At TEM we regularly look at the co-products which are important and relevant for Australian agriculture. A commodity which we often get asked about, especially by those in intensive agriculture or the food industry is offal – especially tallow and blood and bonemeal.
Meat and bone meal (MBM) is produced from abattoir waste products which are not suitable for human consumption. MBM is used extensively in animal feed. Tallow is rendered fat and is also used for feeding animals, but also in making a wide range of soaps and lubricants.
Commodities do not exist in a vacuum they tend to operate in subsets. These are generally commodities which are replaceable with one another. A good example is corn and wheat, they can have similar uses, so when one becomes too expensive, the other will be replaced.

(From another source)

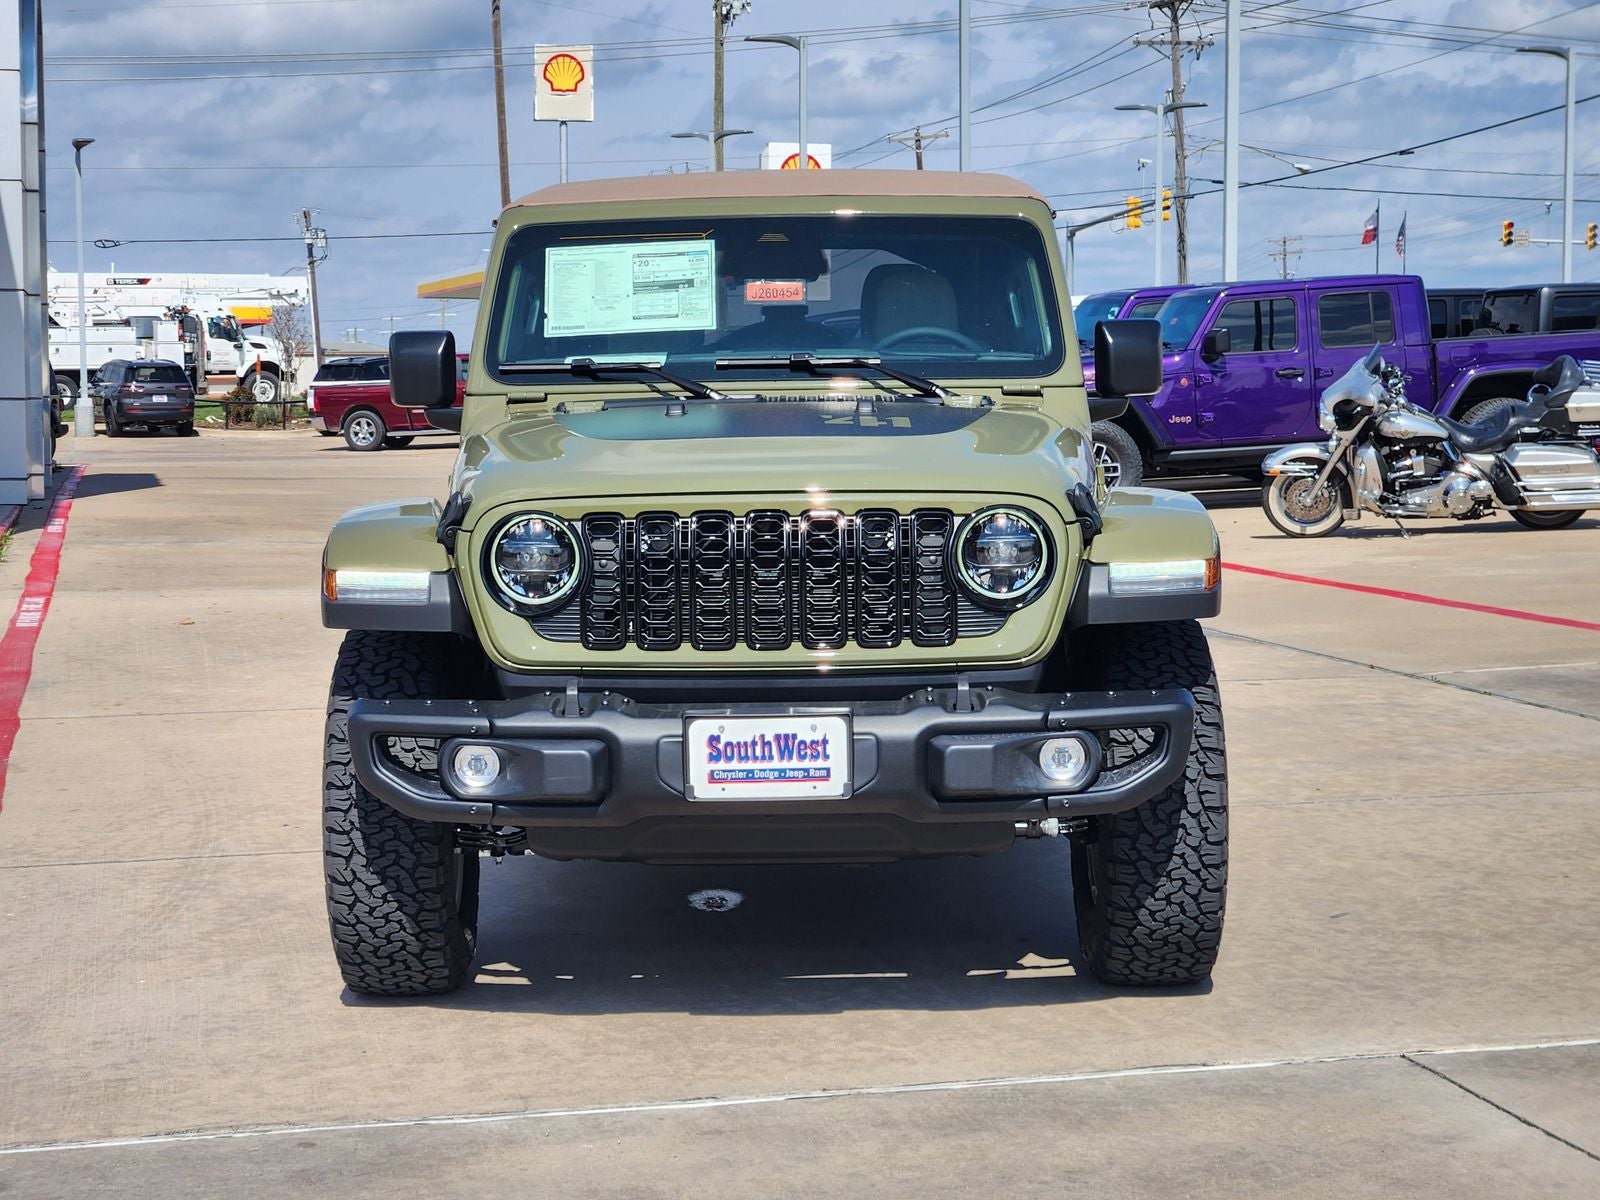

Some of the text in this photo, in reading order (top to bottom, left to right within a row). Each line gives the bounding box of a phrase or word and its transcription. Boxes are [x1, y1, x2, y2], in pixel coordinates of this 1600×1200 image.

This can be seen in tallow, as a rendered fat it can be classed in the same category of commodities as oilseeds. These are wide-ranging incorporating the oil from cotton, palm, soy and canola. The relationship between tallow pricing in Australia, and palm oil (Malaysia) is close. This allows the possibility of hedging tallow requirements using Malaysian palm oil futures.
MBM is an animal feed and can be replaced with several other products. The common replacements would be other meals such as canola or soybean meal. MBM maintains a relatively strong relationship with soybean meal.
It is crucial when examining commodity markets to examine the other commodities which operate in close subsets. This can provide insights into the direction of the market or provide opportunities for risk management.
The price rise experienced in palm oil and soybean meal futures is likely to flow through to tallow and MBM prices.